Not shown in Fig. 2 is the use of the [tanh](https://paperswithcode.com/method/tanh-activation) non-linear activation function throughout the network. While this proved to be a better performer than the sigmoid function for a multi-layer neural network, _tanh_ did not appropriately handle the [vanishing gradient problem](https://en.wikipedia.org/wiki/Vanishing_gradient_problem), architectures today utilise other activation functions such as [ReLU](https://en.wikipedia.org/wiki/ReLU) or [batch normalisation](https://en.wikipedia.org/wiki/Batch_normalization) to solve this. The last layer of the network utilises a [softmax](https://en.wikipedia.org/wiki/Softmax_function) activation function to fit a Gaussian distribution to the predicted class probabilities.

#### Layers

##### Input layer

The input to the LeNet-5 network is a set of $\left(32 \ x \ 32 \ x \ 1\right)$ grayscale images, each consisting of a single handwritten digit (read more on the modified MNIST SD-1/SD-3 dataset [here](http://yann.lecun.com/exdb/mnist/)). The pixel values of the input images are normalised (anti-aliasing) so that the background (white) has a pixel value of $-0.1$ and the foreground (black) has a value $1.175$. This choice for normalisation is made such that the mean value of the input is roughly $0$ and the variance roughly $1$ to accelerate learning.
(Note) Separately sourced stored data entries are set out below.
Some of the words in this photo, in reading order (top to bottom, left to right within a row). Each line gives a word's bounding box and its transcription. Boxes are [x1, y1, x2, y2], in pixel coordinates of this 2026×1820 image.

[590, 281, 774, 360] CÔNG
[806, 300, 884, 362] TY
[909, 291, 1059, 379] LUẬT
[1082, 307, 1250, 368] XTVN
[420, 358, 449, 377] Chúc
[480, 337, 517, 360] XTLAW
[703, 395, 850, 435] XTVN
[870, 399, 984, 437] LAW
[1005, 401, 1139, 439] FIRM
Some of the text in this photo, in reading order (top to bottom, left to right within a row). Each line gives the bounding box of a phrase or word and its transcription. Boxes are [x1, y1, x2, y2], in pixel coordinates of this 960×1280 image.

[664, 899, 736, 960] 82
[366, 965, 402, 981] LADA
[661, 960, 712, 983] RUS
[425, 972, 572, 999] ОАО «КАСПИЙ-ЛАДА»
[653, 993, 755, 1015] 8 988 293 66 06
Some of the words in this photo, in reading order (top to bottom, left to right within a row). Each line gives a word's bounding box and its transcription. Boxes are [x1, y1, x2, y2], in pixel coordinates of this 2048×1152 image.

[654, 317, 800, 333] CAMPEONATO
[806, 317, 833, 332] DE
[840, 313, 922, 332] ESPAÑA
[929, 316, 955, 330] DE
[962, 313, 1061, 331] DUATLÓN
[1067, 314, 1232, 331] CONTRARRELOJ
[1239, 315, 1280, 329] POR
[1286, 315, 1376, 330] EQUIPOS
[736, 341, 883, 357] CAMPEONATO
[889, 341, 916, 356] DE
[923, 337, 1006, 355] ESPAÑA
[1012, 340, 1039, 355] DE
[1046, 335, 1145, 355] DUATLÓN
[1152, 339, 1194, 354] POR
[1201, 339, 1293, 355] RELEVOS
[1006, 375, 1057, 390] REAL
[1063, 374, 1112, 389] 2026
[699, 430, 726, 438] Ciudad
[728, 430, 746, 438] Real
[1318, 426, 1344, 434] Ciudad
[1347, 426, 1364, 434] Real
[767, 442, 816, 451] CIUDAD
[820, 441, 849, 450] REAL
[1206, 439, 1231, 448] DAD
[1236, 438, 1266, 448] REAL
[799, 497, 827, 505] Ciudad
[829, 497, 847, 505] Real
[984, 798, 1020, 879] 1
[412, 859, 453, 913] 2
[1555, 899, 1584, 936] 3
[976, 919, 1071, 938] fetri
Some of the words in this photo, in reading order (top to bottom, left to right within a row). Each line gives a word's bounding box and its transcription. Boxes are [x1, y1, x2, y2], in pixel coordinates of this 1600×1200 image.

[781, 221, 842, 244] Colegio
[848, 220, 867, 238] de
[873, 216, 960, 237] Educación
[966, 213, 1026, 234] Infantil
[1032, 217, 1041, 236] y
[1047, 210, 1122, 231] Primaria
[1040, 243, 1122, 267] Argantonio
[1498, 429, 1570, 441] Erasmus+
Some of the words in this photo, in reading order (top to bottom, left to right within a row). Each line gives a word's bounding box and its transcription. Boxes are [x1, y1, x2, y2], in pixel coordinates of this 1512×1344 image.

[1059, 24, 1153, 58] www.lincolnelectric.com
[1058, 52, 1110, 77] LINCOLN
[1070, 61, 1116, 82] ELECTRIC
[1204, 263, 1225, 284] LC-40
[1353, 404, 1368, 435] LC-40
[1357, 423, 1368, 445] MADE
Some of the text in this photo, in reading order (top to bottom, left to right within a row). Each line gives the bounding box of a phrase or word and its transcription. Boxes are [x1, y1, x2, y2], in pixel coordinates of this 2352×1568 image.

##### Convolutional layer (C1)

* **Input size**: $32 x 32 x 1$
* **Feature maps**: $6$
* **Kernel size**: $5x5x1$
* **Stride**: $1$
* **Padding**: $0$
* **Output size**: $(28x28x1)$; $(32 - 5 + 2*0) \ / \ 1 + 1 = 28$
* **Neurons**: $6 * (28x28x1) = 4704$
* **Trainable parameters**: $6 * (5x5x1 + 1) = 156$
* **Total connections**: $6 * (5x5x1 + 1) * (28x28) = 122304$
* **Activation function**: Tanh

This convolutional layer has $6$ feature maps. Each unit of each feature map connects to a $5 x 5$ region within the input image. The feature map size of $28 x 28$ has been selected so that the strided convolutions do not result in any dropped pixels (for more information on that, see [Exercise 1.4.1](https://github.com/jonathanloganmoran/ND0013-Self-Driving-Car-Engineer/blob/main/1-Object-Detection-in-Urban-Environments/Exercises/1-4-1-Pooling-Layers-CNNs/2022-09-07-Pooling-Layers-Convolutional-Neural-Networks.ipynb)). each kernel has an additional bias term (hence the "+1" in the above calculation of trainable parameters. While the number of connections seems tremendous, due to _weight sharing_ we only need to learn $156$ parameters for this layer.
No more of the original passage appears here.